The government is consulting on how to track suspected law-breakers in cyberspace. Its proposals for an Interception Modernisation Programme (IMP) have been scaled back since they first emerged, but law enforcement officers are adamant that they need access to communications data.
The government proposes that communications services providers (CSPs) such as telecoms companies and internet service providers (ISPs) should collect and store information that may be helpful to the police.
The All Party Parliamentary Group on Privacy, which was formed three months ago and is chaired by Edward Garnier MP, is looking into the privacy and cost implications of the IMP.
Tim Hayward, the Home Office official in charge of IMP, and Jim Gamble, the chief police officer who heads the Child Exploitation and Online Protection Centre, said the programme is essential to maintain the state's ability to track and trace criminals and their associates.
Hayward said communications data had been material to 95% of investigations by the Serious Organised Crime Agency.
Gamble said such data had been crucial in identifying paedophile networks with hundreds of members.
Both said courts accepted communications as important evidence in trials, and in building up a picture of criminals' modus operandi.
The proposals call for CSPs to retain communications data such as caller name, location, called party, location and duration of call, as well as sites they visit on the internet.
This is easy to do with fixed wire telephony, but it is more difficult on the internet because it uses a more random way of getting information to and from sender and receiver. It is also easier to hide an internet address.
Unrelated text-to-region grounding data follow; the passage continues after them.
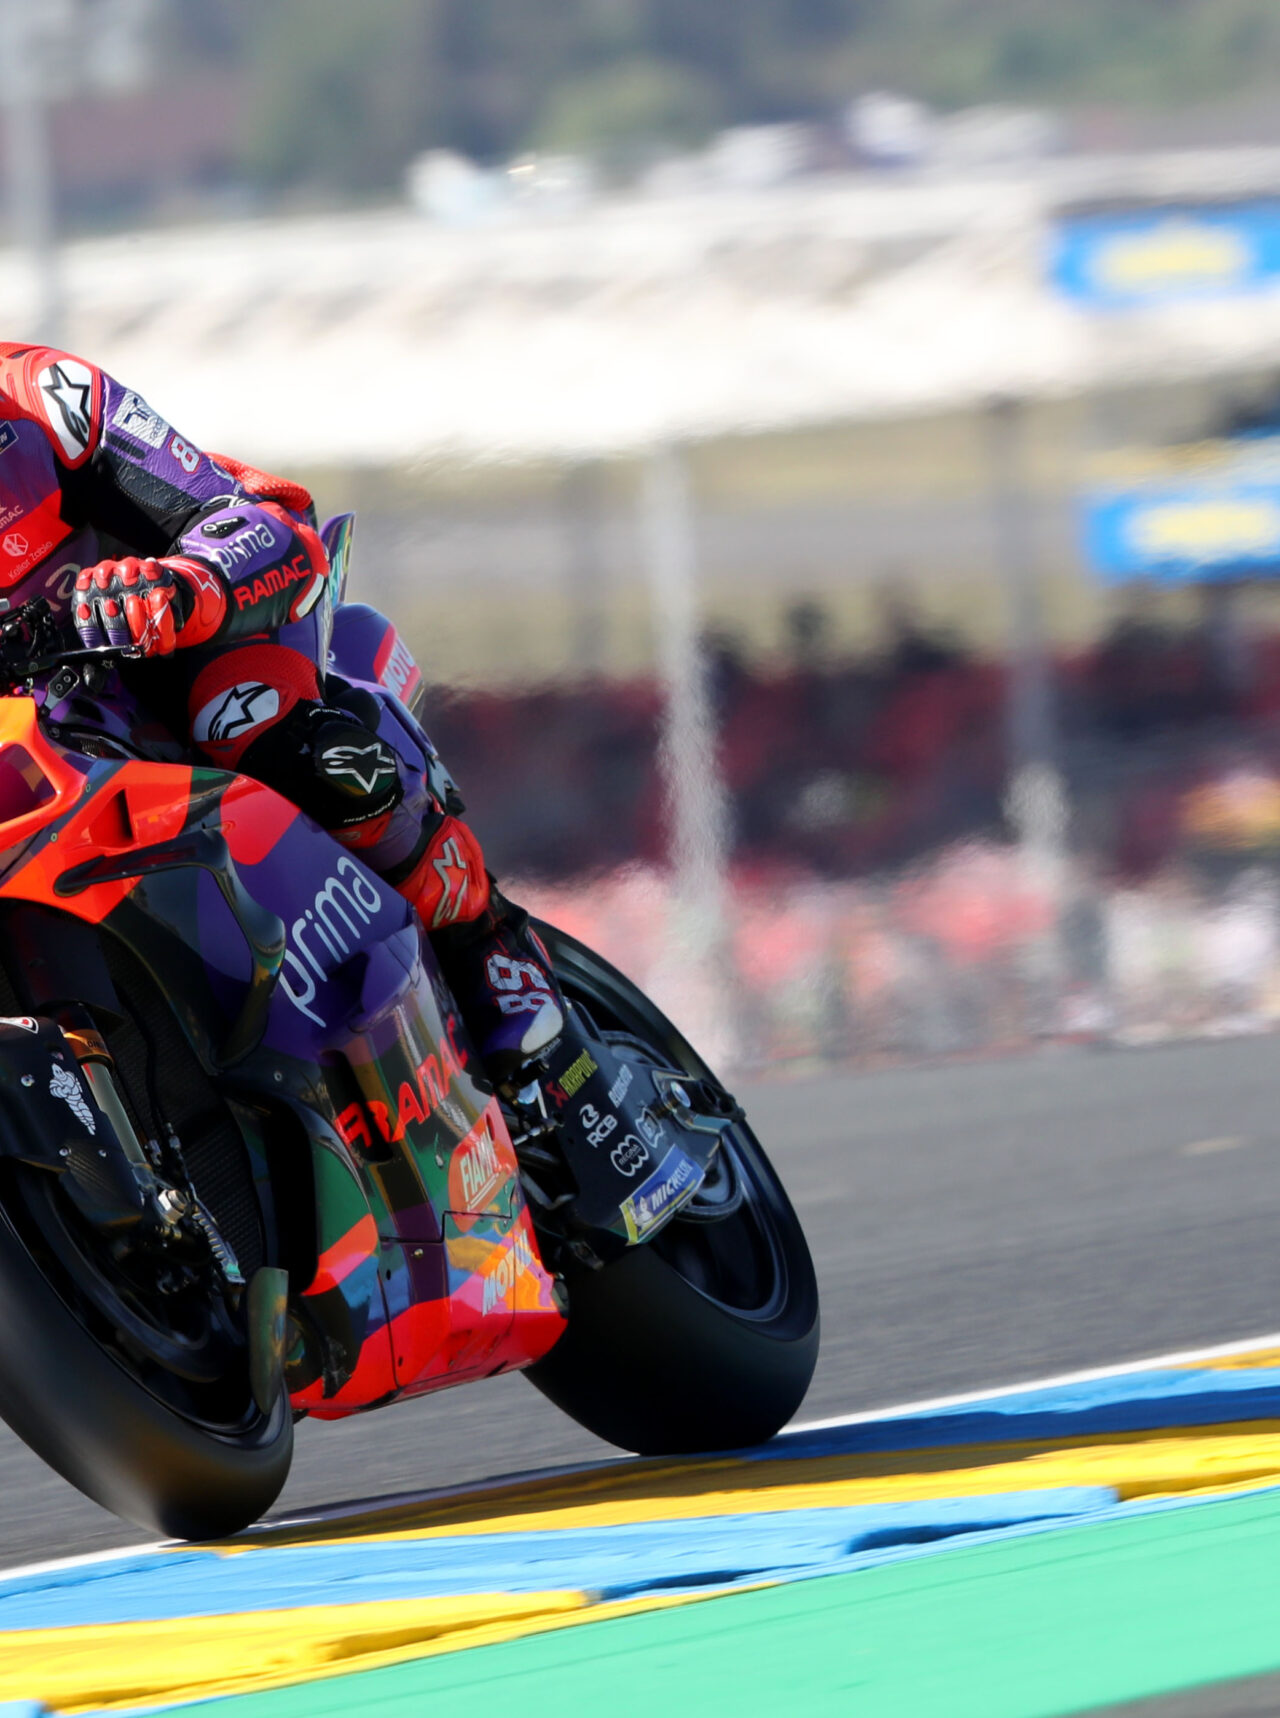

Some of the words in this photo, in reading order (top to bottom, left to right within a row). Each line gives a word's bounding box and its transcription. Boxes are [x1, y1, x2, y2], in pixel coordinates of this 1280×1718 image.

[209, 522, 276, 580] prima
[278, 856, 383, 1028] prima
[586, 1114, 618, 1148] RCB
[651, 1159, 693, 1211] MICHELIN
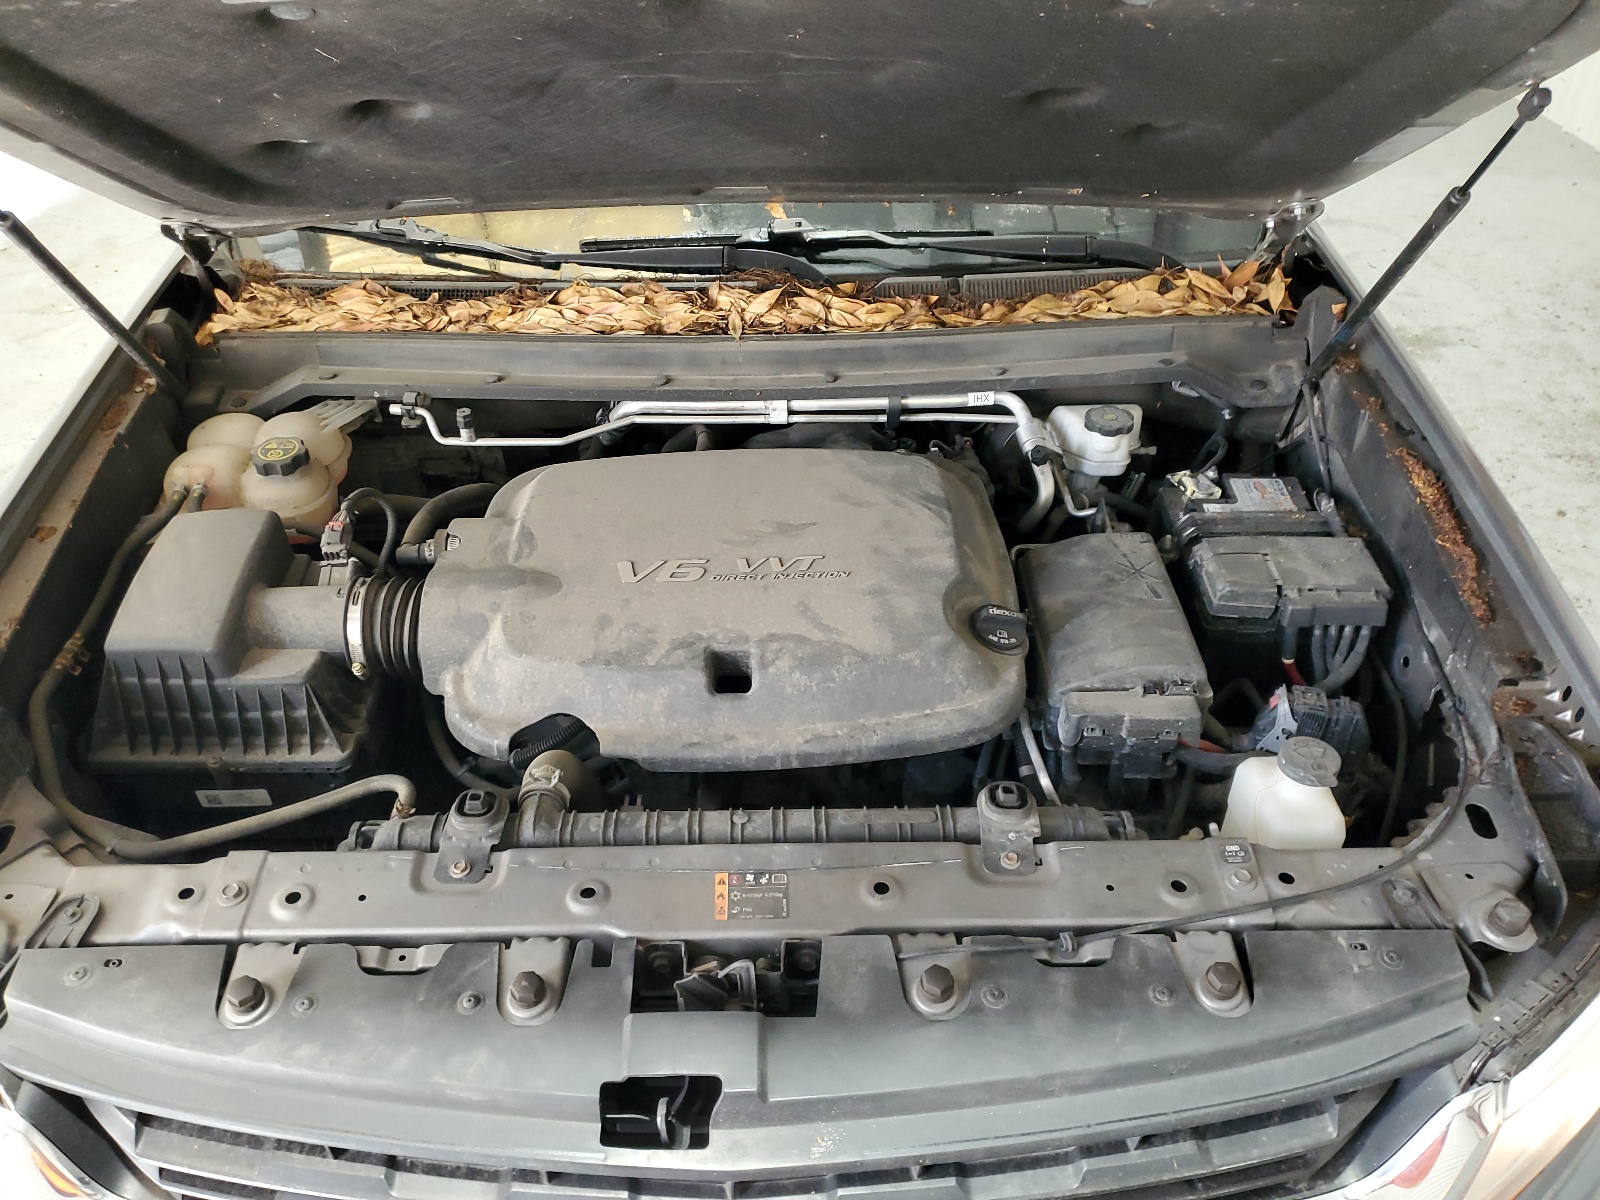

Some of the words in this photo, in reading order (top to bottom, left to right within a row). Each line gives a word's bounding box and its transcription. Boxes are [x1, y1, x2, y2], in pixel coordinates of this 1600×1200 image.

Upgrades to internet software also mean that the information wanted from a message might not always be found in the same place in the message. This would add to the overhead of keeping in technological compliance with the proposed law, said Cambridge University's Richard Clayton.
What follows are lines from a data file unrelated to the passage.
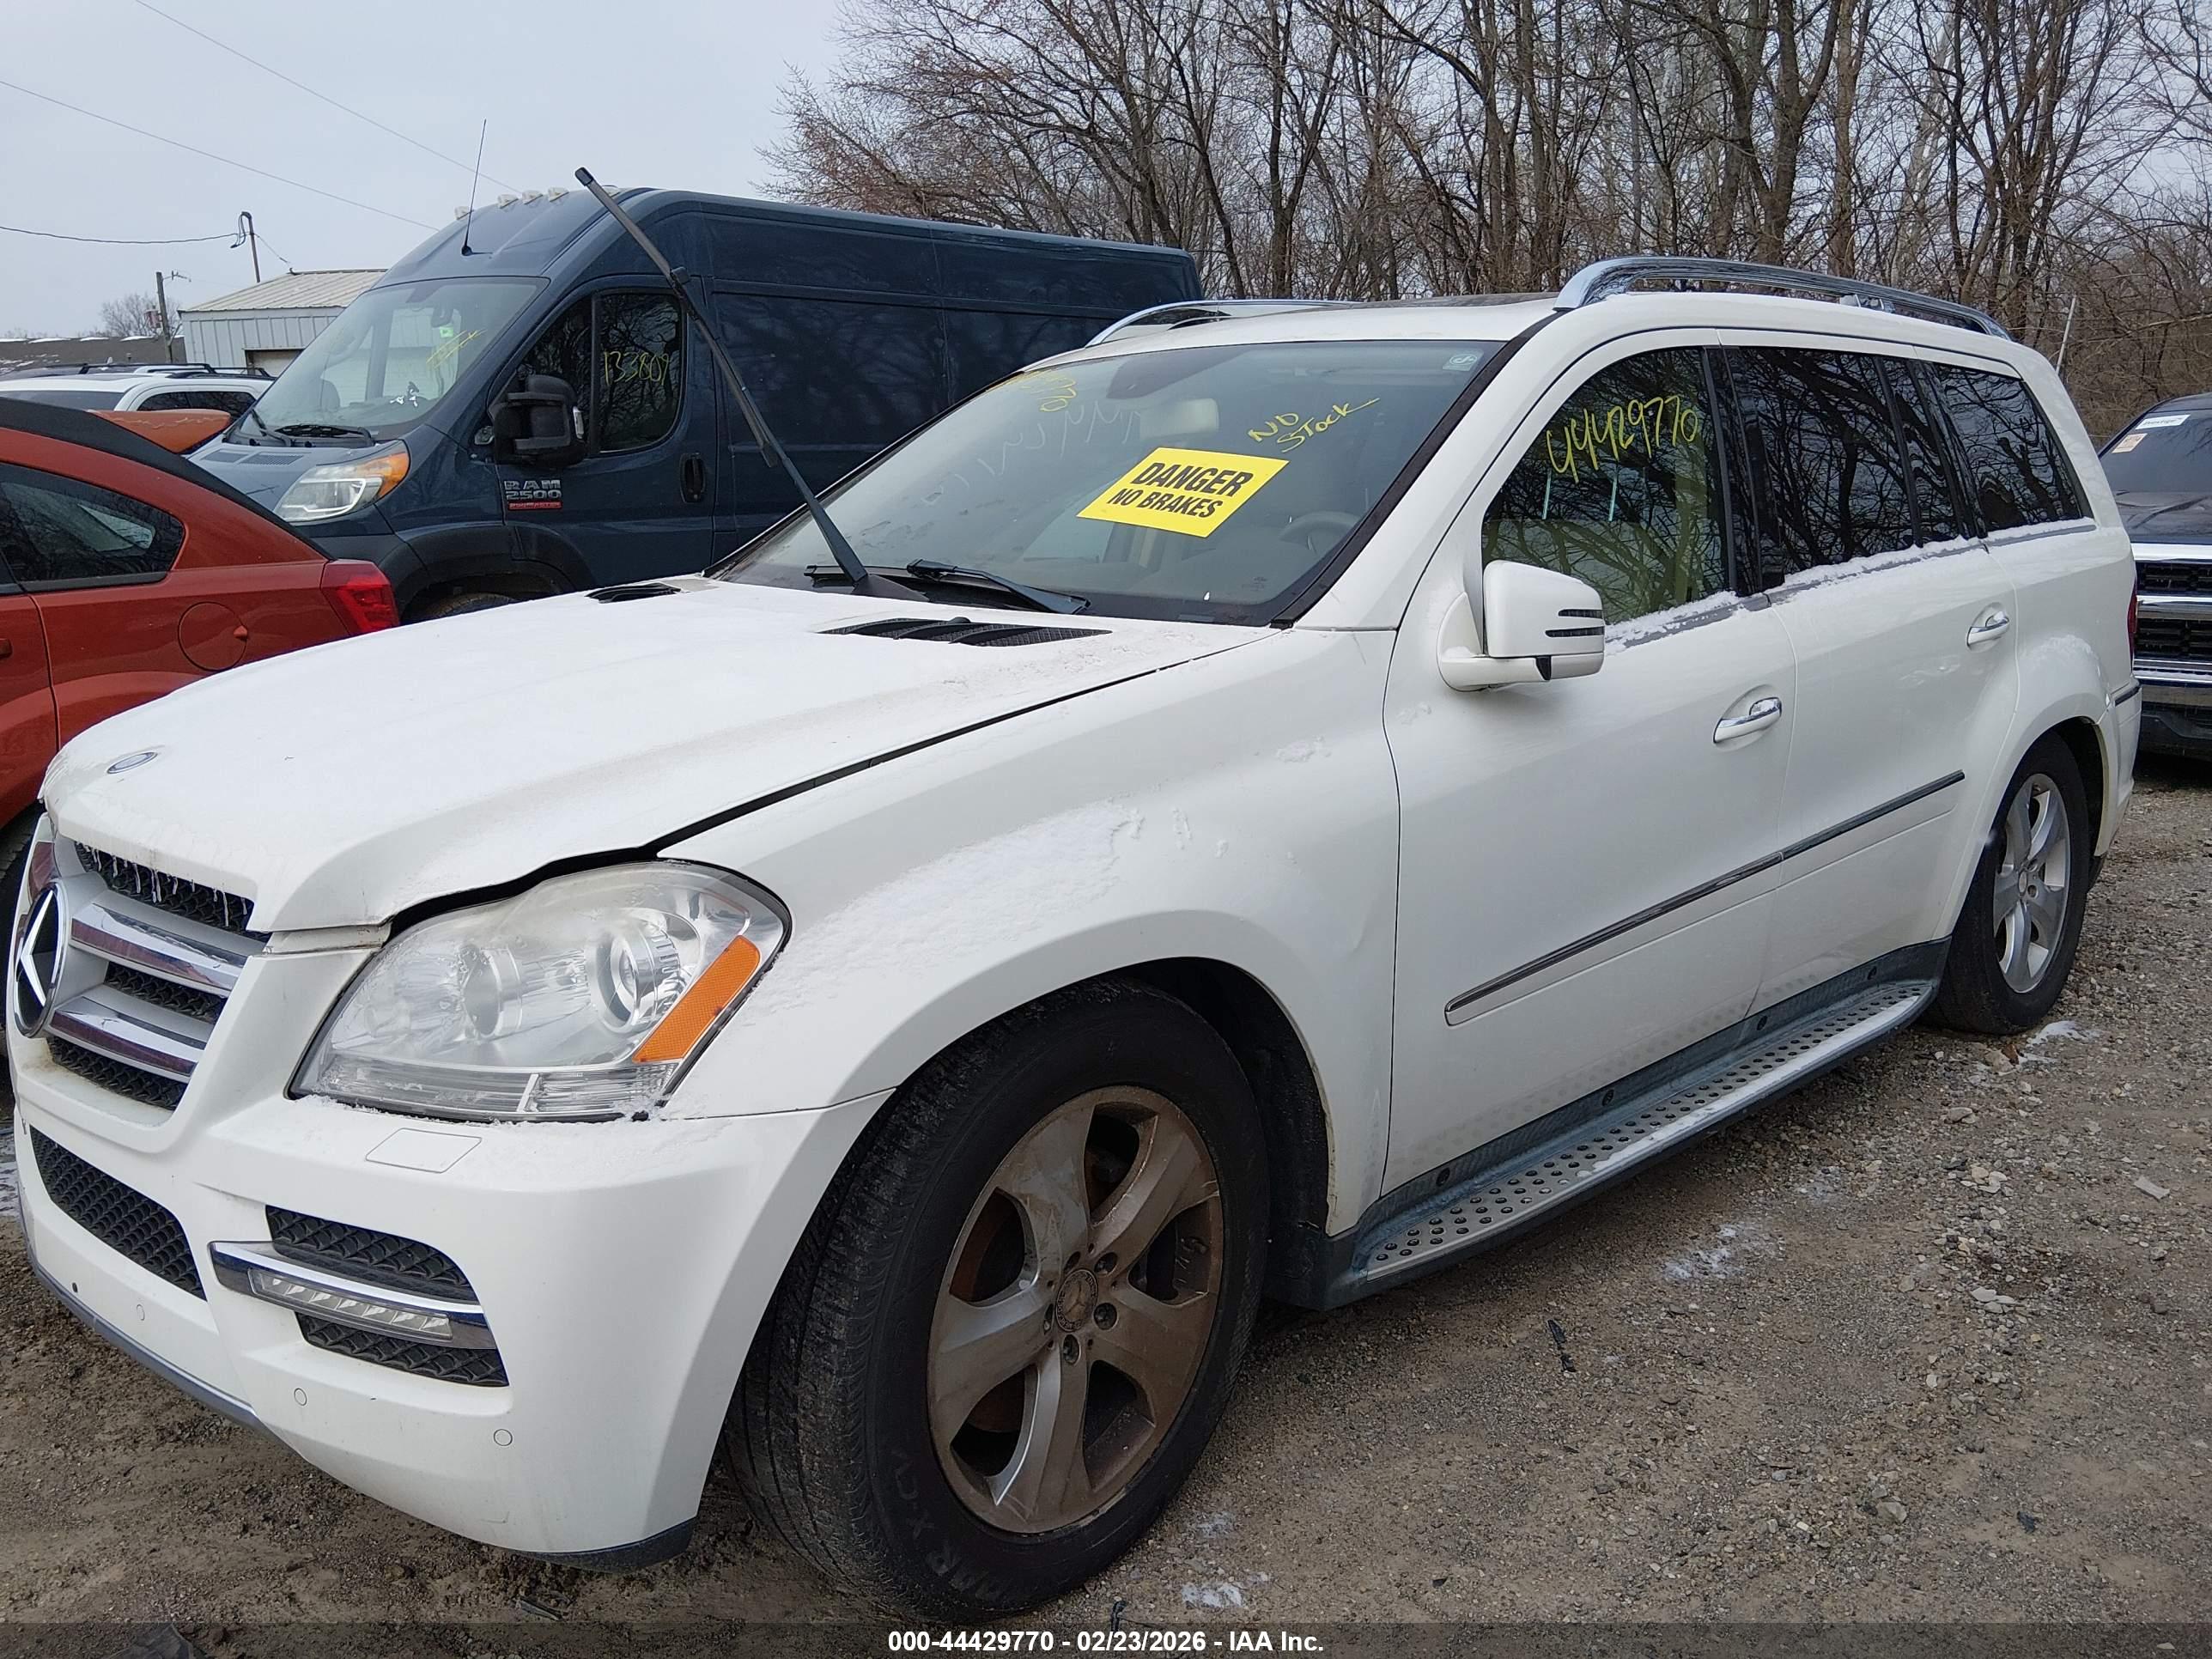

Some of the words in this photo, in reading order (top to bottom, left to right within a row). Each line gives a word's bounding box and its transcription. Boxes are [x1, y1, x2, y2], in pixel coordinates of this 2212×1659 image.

[1547, 396, 1698, 484] 44429770
[503, 479, 562, 490] RAM
[1130, 462, 1255, 497] DANGER
[505, 489, 562, 501] 2500
[1106, 488, 1144, 506] NO
[1136, 491, 1224, 518] BRAKES
The London School of Economics' Peter Sommer said rules on admissible evidence mean that the content of calls is not admissible, although "communications data" is. CSPs would have to strip out the content of the message to ensure that it complied with the rules.
This is a non-business burden on CSPs that will have to be paid for, said Martin Hoskins, head of data protection and disclosure at mobile network operator T-Mobile.
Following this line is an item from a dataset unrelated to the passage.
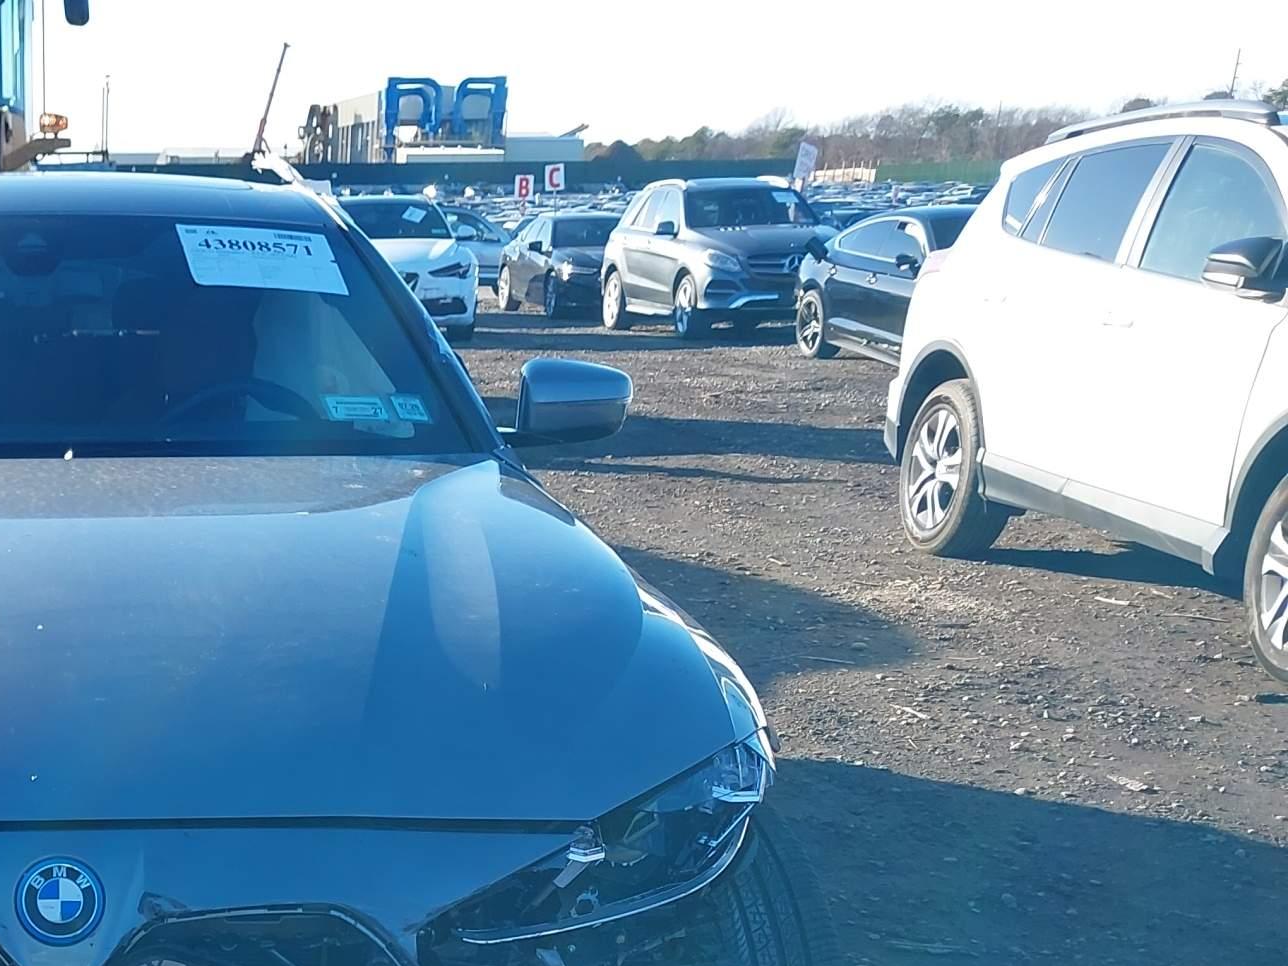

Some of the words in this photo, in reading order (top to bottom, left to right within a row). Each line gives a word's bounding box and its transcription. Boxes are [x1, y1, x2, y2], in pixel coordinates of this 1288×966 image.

Hoskins said that his company processed 137,000 information requests under Regulation of Investigatory Powers Act (Ripa) last year. The Home Office paid T-Mobile some £3m for its trouble, he said. There are between 10 and 13 firms which are in the same position to collect and pass on customers' call information, he said.
Hoskins said it would simplify matters if there was a single, clear and unambiguous legal regime for CSPs to comply with. He said T-Mobile preferred it to be Ripa because Ripa had a clear and auditable chain of accountability for releasing customer information.
He said the Department of Work and Pensions, which is excluded from Ripa, and Ofcom, the communications regulator, had each asked T-Mobile for personally identifiable information under different laws.
He said it is also important to clarify the liability of CSPs with respect to processing and releasing third-party data, such as e-mails sent via Google or Microsoft's e-mail services.
He said it might be technically impossible to identify such traffic because it would mean breaking into proprietary protocols used to transmit the messages.
Secondly, CSPs are presently protected against litigation while they collect and hold the data, but become liable as soon as it is passed to others, even if they are law enforcement officers acting with authorisation.